Moneypenny looked at the staff member. “Q’s going to live through whatever it is, if only so he can kick Bond’s arse and force him to man up already. I wouldn’t worry if I were you. But don’t imply that our quartermaster isn’t coming back or you’ll be terribly sorry you ever pursued a career in espionage.”

He gulped. “I didn’t really mean anything by it. I—I know 007 is dangerous, you don’t think he would really…”

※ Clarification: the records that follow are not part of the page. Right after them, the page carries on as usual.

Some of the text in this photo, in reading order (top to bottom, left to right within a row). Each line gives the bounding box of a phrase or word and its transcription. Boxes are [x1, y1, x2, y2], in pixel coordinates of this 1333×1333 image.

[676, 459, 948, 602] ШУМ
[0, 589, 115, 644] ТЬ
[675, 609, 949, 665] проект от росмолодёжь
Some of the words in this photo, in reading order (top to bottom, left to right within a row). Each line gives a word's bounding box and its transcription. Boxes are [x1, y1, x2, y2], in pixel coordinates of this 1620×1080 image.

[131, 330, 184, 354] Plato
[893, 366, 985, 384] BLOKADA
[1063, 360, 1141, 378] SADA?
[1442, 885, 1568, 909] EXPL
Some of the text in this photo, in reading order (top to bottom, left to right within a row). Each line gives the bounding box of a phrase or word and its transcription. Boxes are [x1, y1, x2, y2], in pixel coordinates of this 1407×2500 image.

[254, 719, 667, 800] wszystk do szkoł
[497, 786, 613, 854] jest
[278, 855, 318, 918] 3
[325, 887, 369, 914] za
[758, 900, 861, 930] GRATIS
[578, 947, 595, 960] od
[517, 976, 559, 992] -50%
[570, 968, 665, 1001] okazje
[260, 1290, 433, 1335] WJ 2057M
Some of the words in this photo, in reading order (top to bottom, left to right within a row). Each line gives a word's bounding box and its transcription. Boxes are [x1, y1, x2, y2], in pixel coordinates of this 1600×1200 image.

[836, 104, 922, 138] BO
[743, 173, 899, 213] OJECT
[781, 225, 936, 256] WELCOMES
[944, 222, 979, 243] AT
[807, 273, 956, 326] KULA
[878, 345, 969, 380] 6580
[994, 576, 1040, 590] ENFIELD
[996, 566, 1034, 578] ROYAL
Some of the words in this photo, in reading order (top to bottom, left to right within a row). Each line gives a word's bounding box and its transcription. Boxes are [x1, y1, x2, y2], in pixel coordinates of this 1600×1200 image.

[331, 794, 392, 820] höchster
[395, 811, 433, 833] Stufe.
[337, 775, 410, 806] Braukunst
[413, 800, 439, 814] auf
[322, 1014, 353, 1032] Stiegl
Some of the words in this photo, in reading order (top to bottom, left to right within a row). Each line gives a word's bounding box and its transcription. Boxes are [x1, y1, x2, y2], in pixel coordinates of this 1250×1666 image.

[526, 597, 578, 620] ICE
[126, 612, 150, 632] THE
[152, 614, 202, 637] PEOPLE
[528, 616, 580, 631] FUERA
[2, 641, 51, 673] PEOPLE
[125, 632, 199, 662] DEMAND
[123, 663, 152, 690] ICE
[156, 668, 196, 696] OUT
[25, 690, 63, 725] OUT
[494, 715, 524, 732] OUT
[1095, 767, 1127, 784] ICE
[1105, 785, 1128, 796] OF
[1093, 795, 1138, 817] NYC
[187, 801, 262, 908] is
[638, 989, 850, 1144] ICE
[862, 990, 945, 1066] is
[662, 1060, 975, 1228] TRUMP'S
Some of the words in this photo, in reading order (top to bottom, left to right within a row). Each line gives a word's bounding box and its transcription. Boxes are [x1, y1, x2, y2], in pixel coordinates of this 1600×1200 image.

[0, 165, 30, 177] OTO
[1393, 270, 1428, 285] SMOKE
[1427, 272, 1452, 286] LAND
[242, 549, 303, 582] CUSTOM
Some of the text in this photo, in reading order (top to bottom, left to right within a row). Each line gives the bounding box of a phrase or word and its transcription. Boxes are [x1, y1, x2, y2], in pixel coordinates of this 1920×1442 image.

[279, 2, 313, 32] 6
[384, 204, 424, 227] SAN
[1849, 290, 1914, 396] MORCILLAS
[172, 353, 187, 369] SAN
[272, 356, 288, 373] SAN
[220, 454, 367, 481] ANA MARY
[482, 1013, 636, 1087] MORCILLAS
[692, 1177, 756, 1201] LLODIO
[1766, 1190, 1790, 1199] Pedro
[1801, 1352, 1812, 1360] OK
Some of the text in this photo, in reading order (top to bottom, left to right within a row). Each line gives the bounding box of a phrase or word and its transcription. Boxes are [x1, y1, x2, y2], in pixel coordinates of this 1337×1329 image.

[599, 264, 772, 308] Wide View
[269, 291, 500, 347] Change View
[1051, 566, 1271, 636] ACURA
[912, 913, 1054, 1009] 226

She raised an eyebrow. He was suddenly aware of the fact that she was wearing very, very pointy heels. “Bond? Oh no. You’d best be worrying about me.”

***

Bond did the only thing he really could do: get spectacularly drunk. This involved heroic amounts of alcohol, the sheer quantity of which was worthy of songs and legends.

He wasn’t sure of the complete particulars, but he vaguely remembered vomiting into the potted plant in Accounting, having sex with one of the newbie field agents, and then passing out somewhere that smelled of Q.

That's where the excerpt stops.